Um desempregado de 21 anos chamou um investigador da Polícia Civil negro, de 51 anos, de “macaco de distintivo” e ainda o chutou, na madrugada desta terça-feira (6), na Delegacia Sede de Praia Grande. O ataque ocorreu enquanto o desempregado já era autuado em flagrante por desacato e resistência contra policiais militares que o abordaram no bairro Guilhermina.
A injúria racial, cuja pena de reclusão varia de 1 a 3 anos, e multa, agravou a situação criminal do homem, que passou a responder por três crimes. O desacato tem pena de detenção de 6 meses a 2 anos ou multa, enquanto o crime de resistência tem pena de detenção de 2 meses a 2 anos.
Devido à agressividade do desempregado na delegacia, antes mesmo do crime de injúria racional, ele chegou a ser levado pelo Serviço de Atendimento Móvel de Urgência (Samu) para o Hospital Irmã Dulce, onde ele foi medicado e liberado para retorno à Delegacia Sede.
A ocorrência envolvendo o homem foi iniciada às 2h50 da madrugada. Com indícios de que estava sob efeito de substâncias entorpecentes e álcool, ele estava na calçada do prédio onde reside, na Rua Venezuela, com um televisor nos braços. Ao visualizar os PMs, ele quebrou o aparelho no chão.

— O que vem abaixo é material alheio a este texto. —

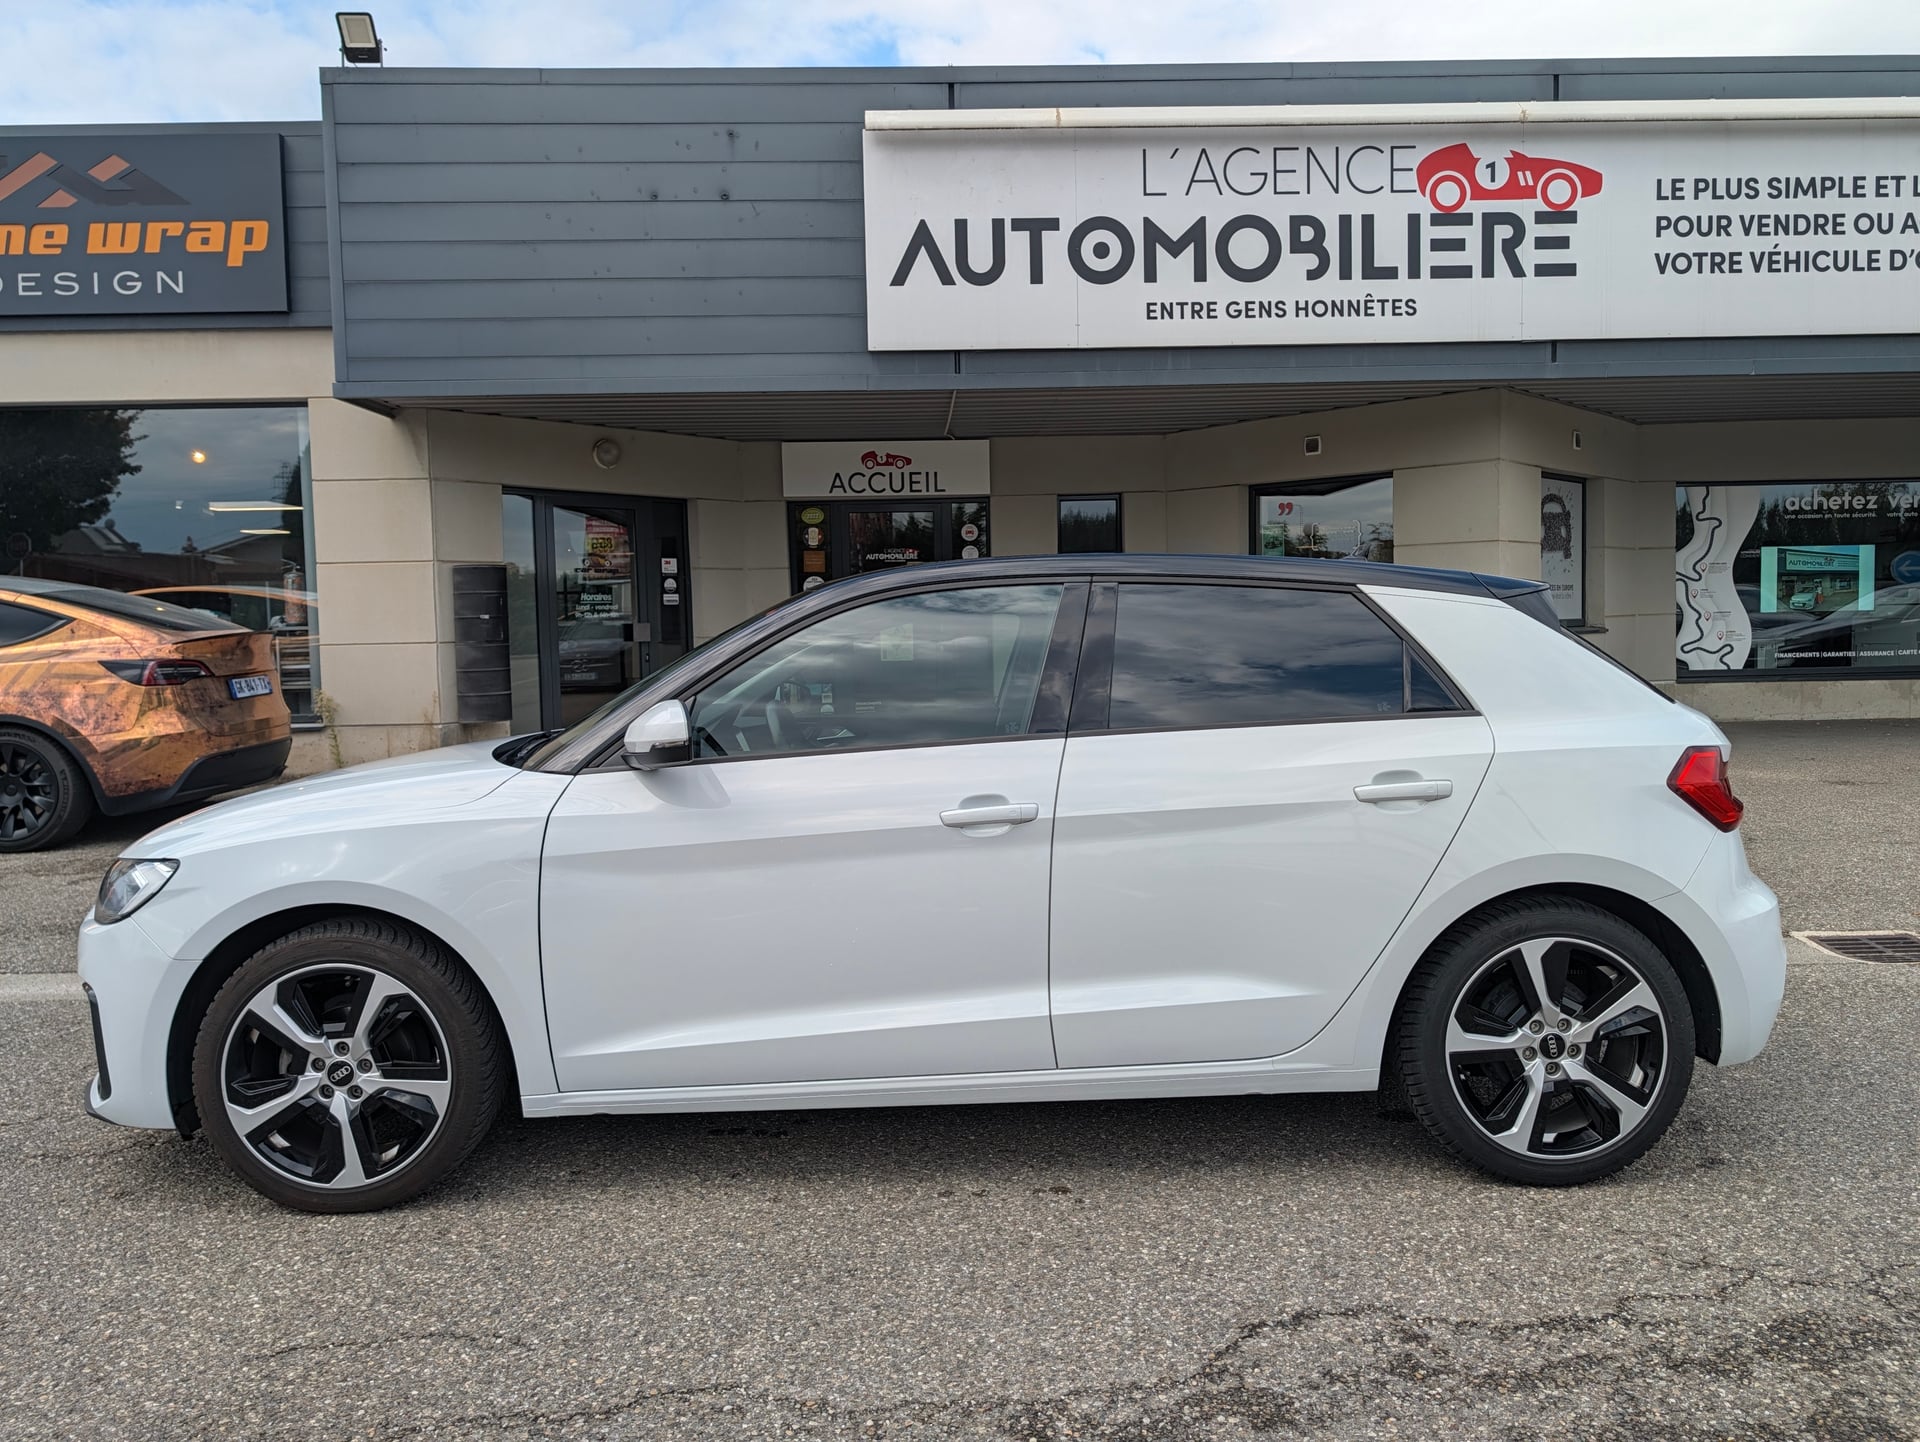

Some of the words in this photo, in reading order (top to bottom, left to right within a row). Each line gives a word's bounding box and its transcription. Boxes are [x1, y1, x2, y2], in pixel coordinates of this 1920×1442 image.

[1142, 145, 1417, 197] L'AGENCE
[1656, 178, 1685, 200] LE
[1694, 177, 1759, 200] PLUS
[1767, 176, 1866, 199] SIMPLE
[1875, 176, 1906, 198] ET
[1656, 215, 1732, 238] POUR
[1739, 213, 1846, 237] VENDRE
[1853, 212, 1893, 235] OU
[87, 220, 269, 267] wrap
[1654, 252, 1743, 275] VOTRE
[1749, 243, 1881, 274] VÉHICULE
[0, 270, 184, 296] ESIGN
[1146, 301, 1219, 321] ENTRE
[1225, 300, 1288, 320] GENS
[1294, 293, 1417, 319] HONNÊTES
[828, 471, 947, 494] ACCUEIL
[1785, 488, 1878, 509] achetez
[580, 592, 612, 601] Horaires
[1822, 650, 1856, 658] GARANTIES
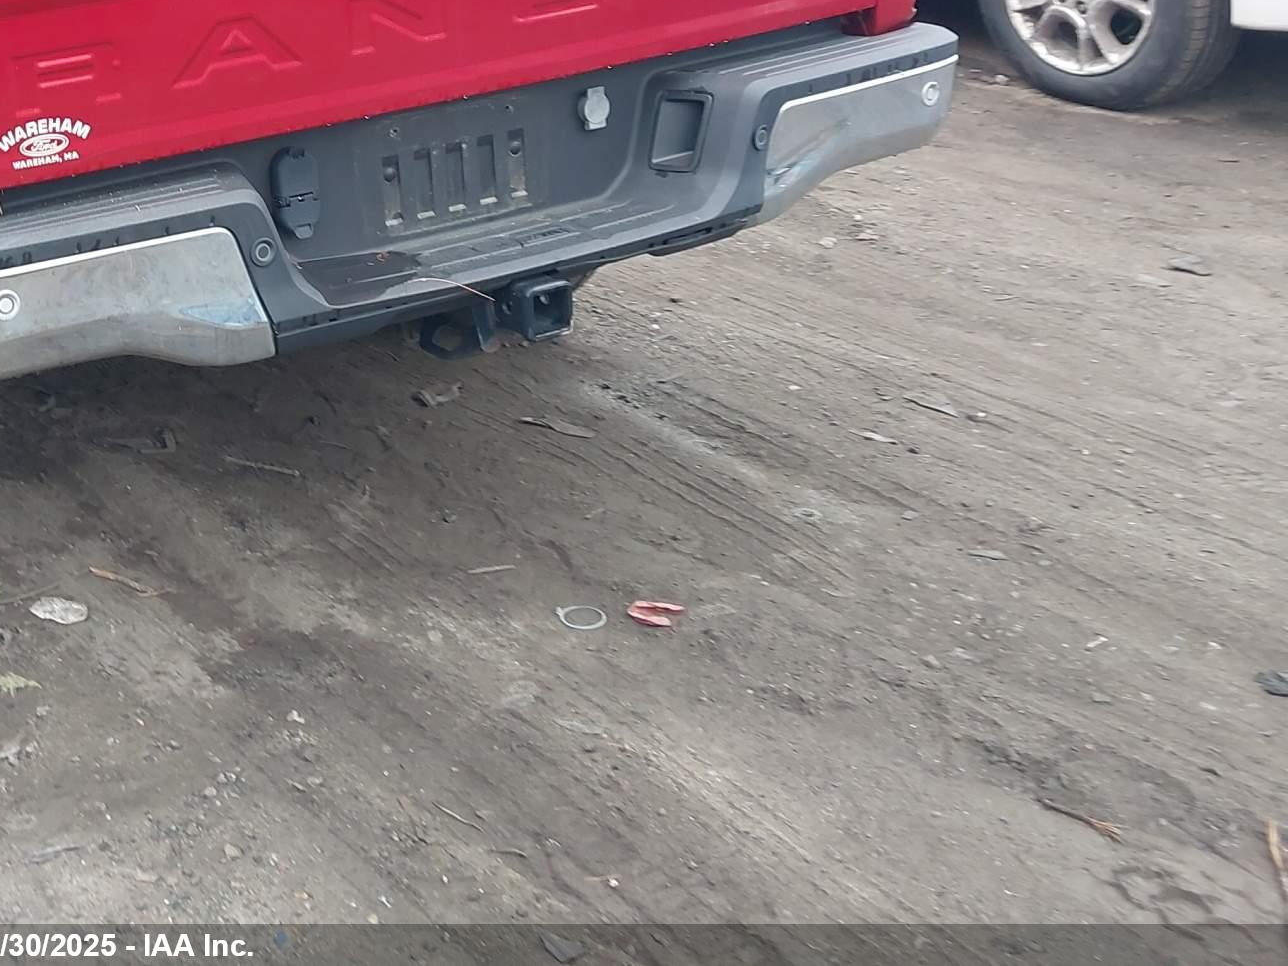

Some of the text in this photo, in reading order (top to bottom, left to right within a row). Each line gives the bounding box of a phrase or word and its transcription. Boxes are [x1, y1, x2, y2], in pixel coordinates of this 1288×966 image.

[30, 139, 58, 152] Ford
[13, 151, 79, 170] WAREHAM, MA
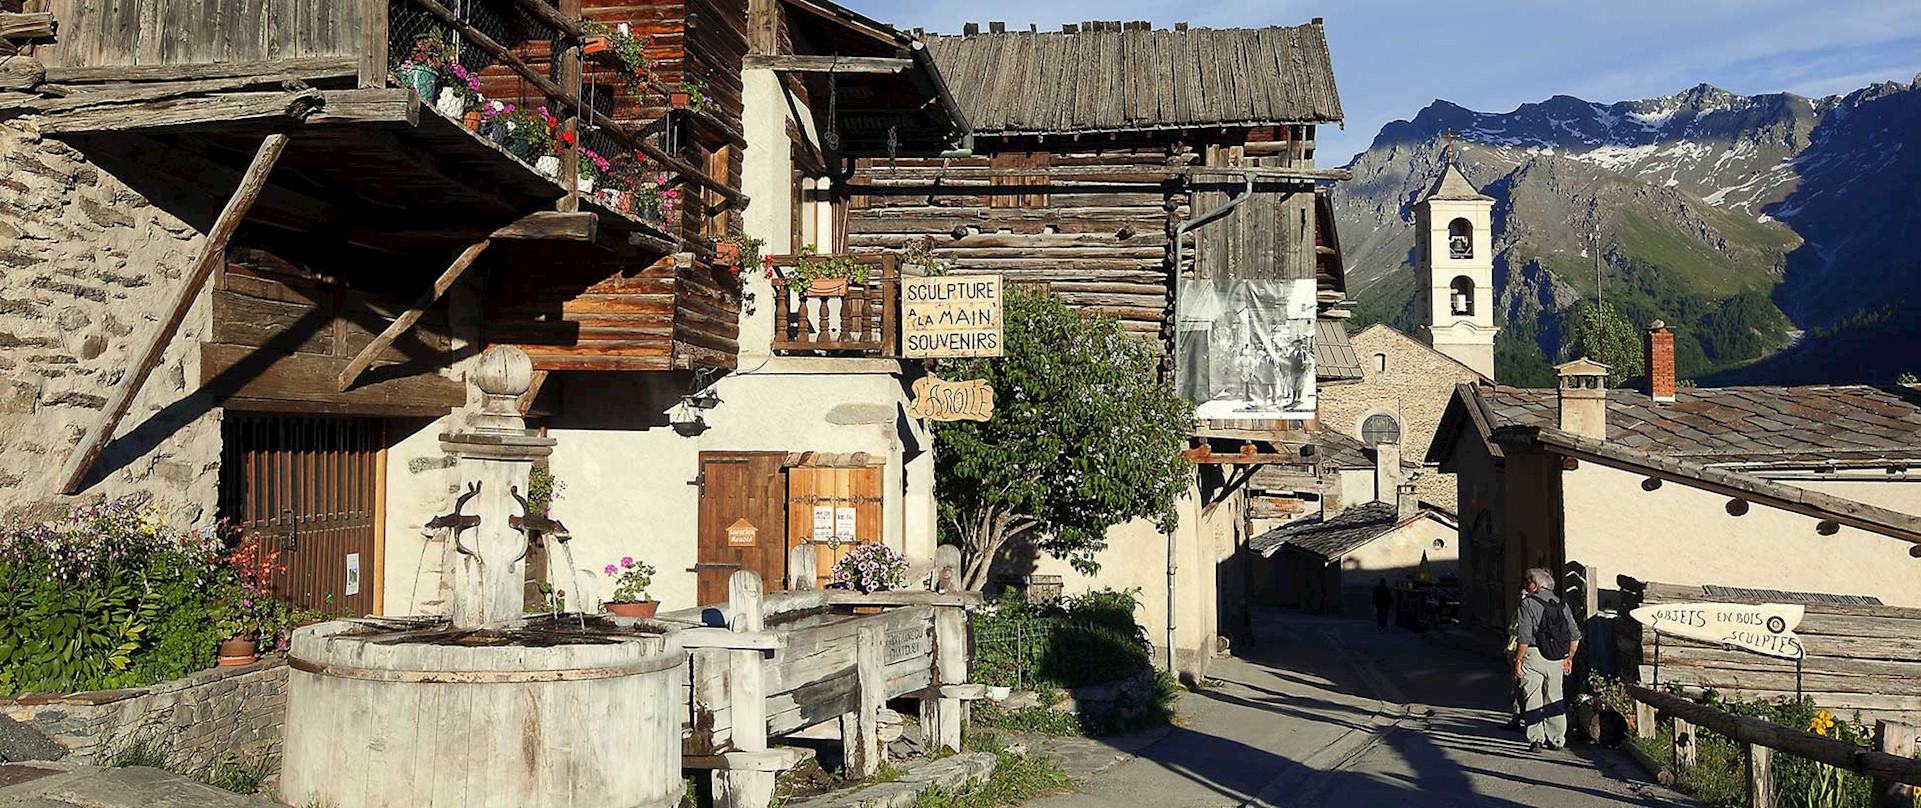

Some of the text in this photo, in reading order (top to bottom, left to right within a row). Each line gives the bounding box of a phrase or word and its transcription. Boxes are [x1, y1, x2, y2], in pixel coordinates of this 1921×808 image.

[908, 282, 994, 300] SCULPTURE
[908, 308, 990, 326] A LA MAIN
[908, 333, 997, 350] SOUVENIRS
[1656, 610, 1764, 627] OBJETS EN BOIS
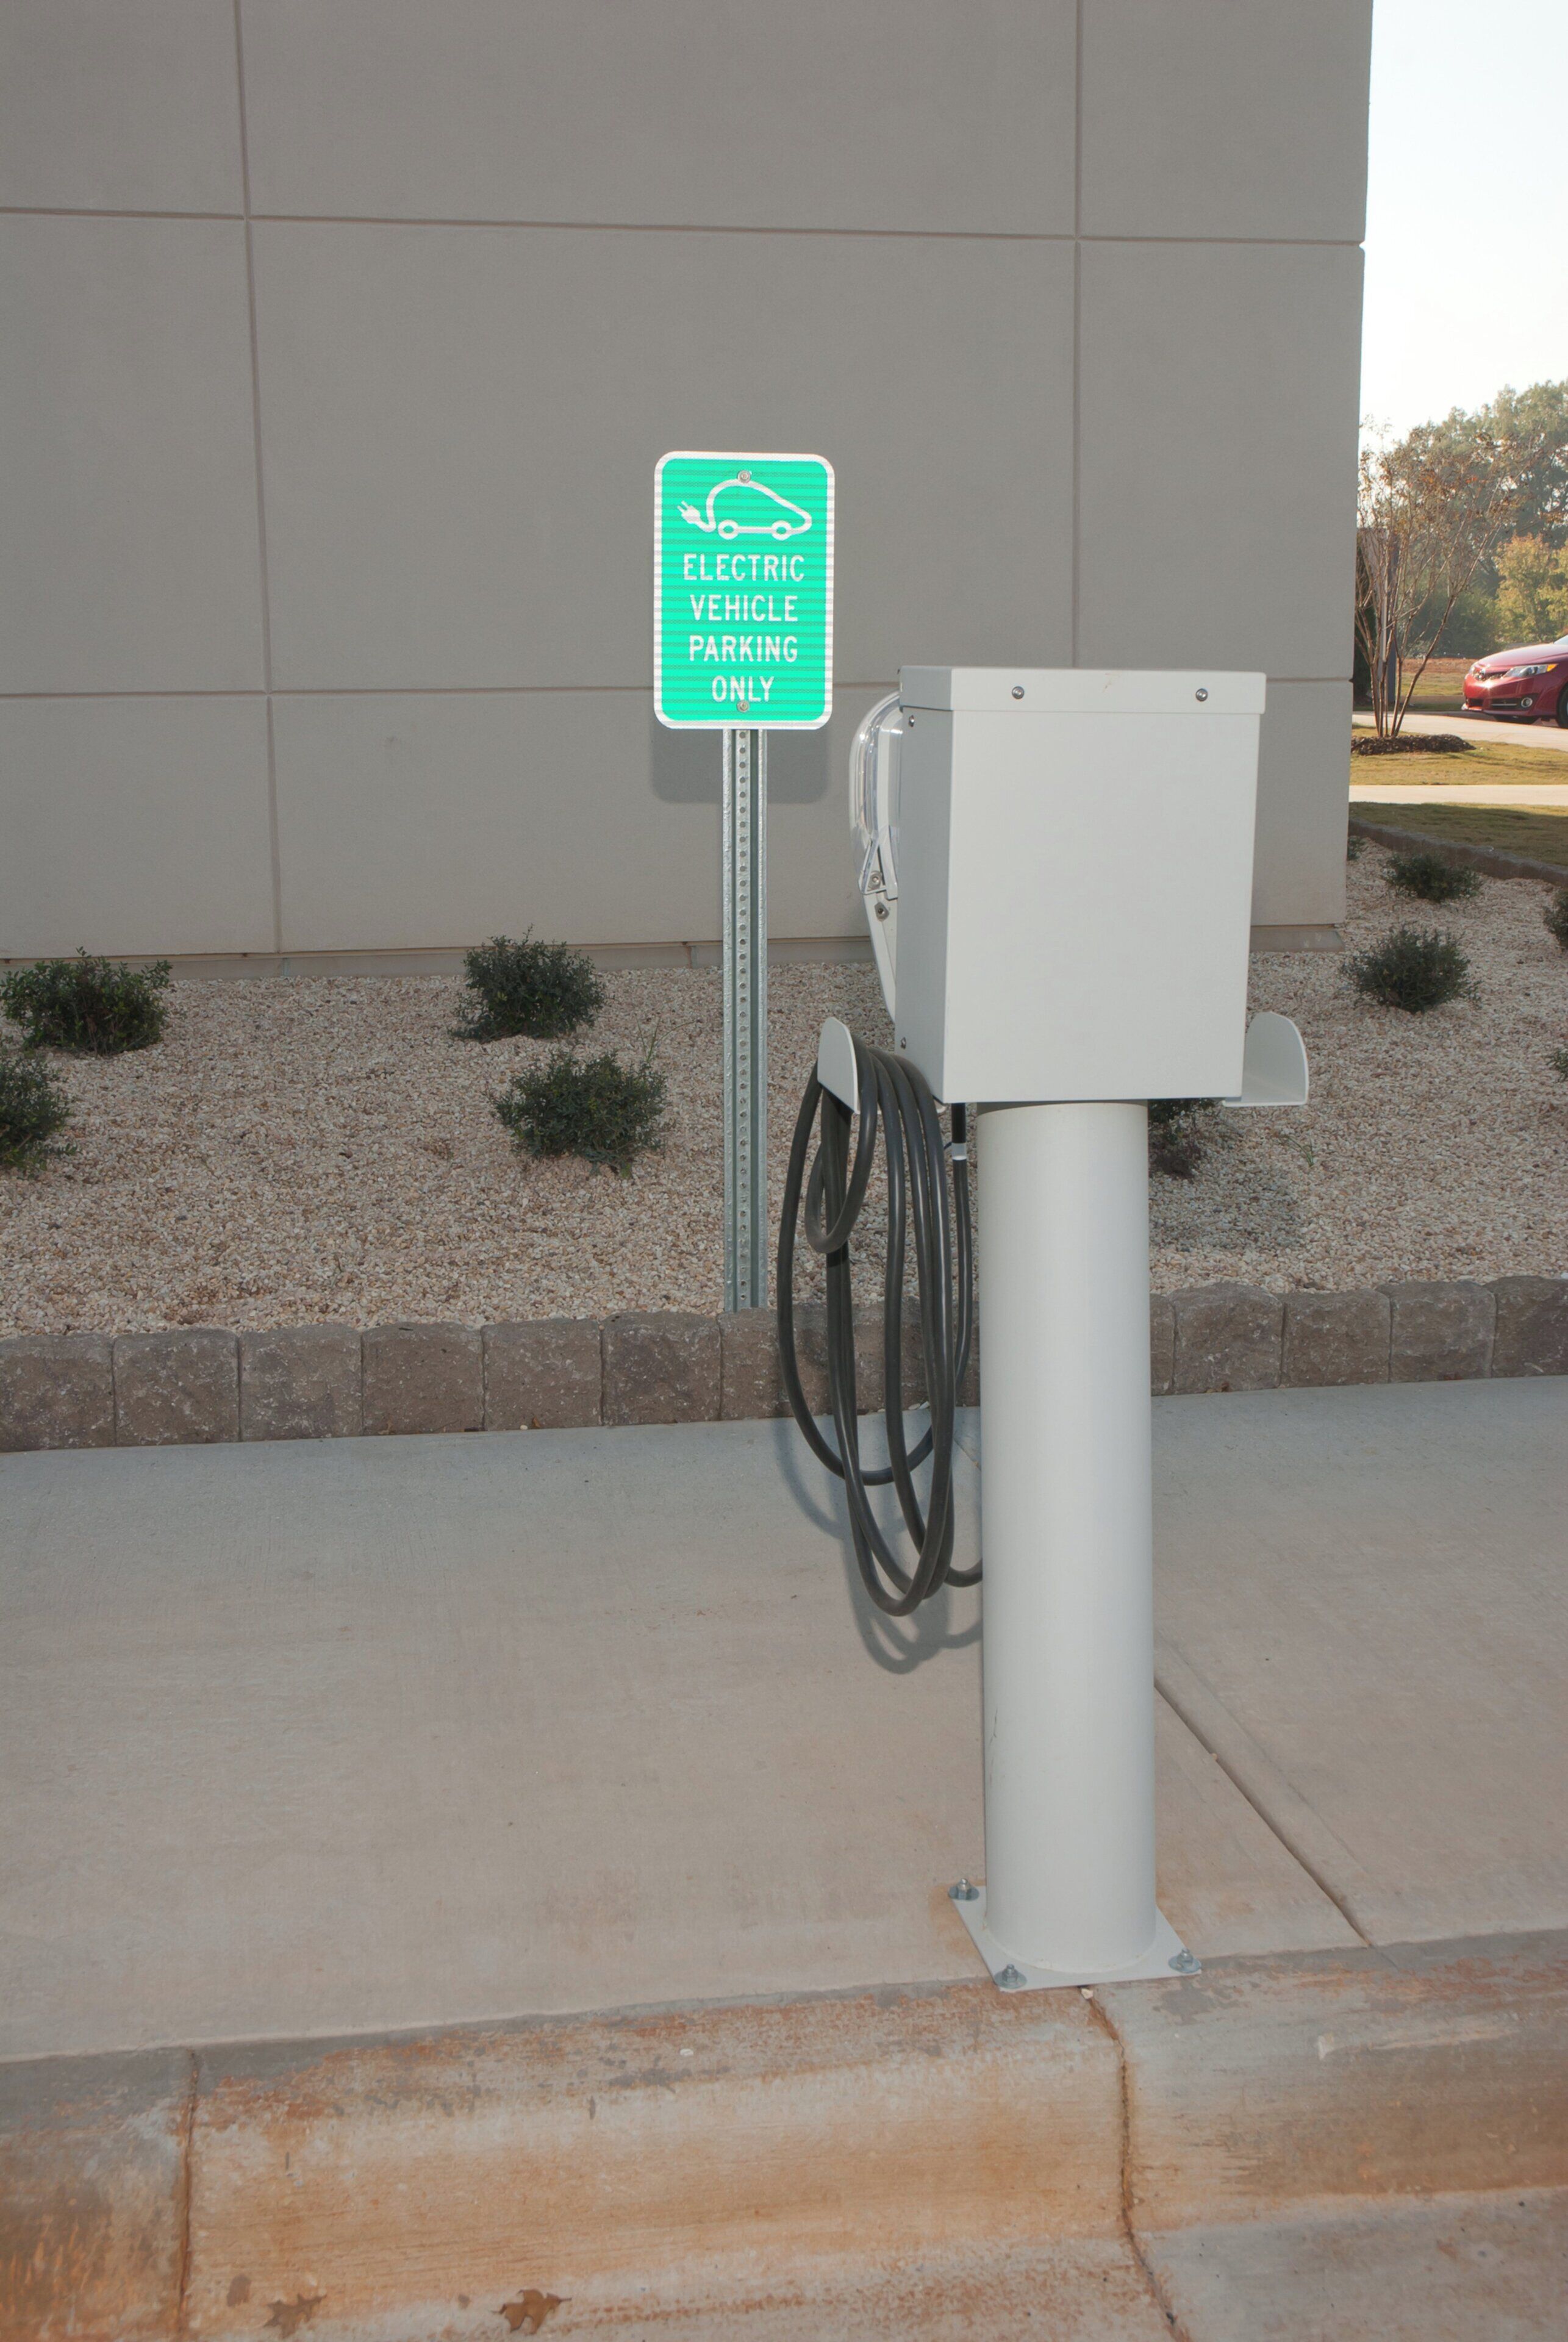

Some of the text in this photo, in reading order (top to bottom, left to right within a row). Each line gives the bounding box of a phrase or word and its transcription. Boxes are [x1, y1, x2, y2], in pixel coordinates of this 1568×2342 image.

[683, 554, 804, 581] ELECTRIC
[690, 595, 798, 621] VEHICLE
[689, 636, 798, 662] PARKING
[712, 675, 774, 702] ONLY

De pronto, segundo a PM, o homem passou a ofender os policiais e disse para um deles “o enfrentar sem a farda”. Na sequência, o desempregado ainda tentou atingir o policial com um soco.
Uma familiar do homem, que o cria desde pequeno, disse aos PMs que ele tem problemas psicológicos e que usa entorpecentes, o que potencializa os efeitos. Na madrugada, segundo ela, o familiar quebrou objetos dentro de casa durante um surto.
Diante dos atos violentos, ela disse que saiu da residência e conseguiu ligar para a PM.
Até a conclusão do registro do caso, na manhã desta terça, o acusado ainda não tinha advogado.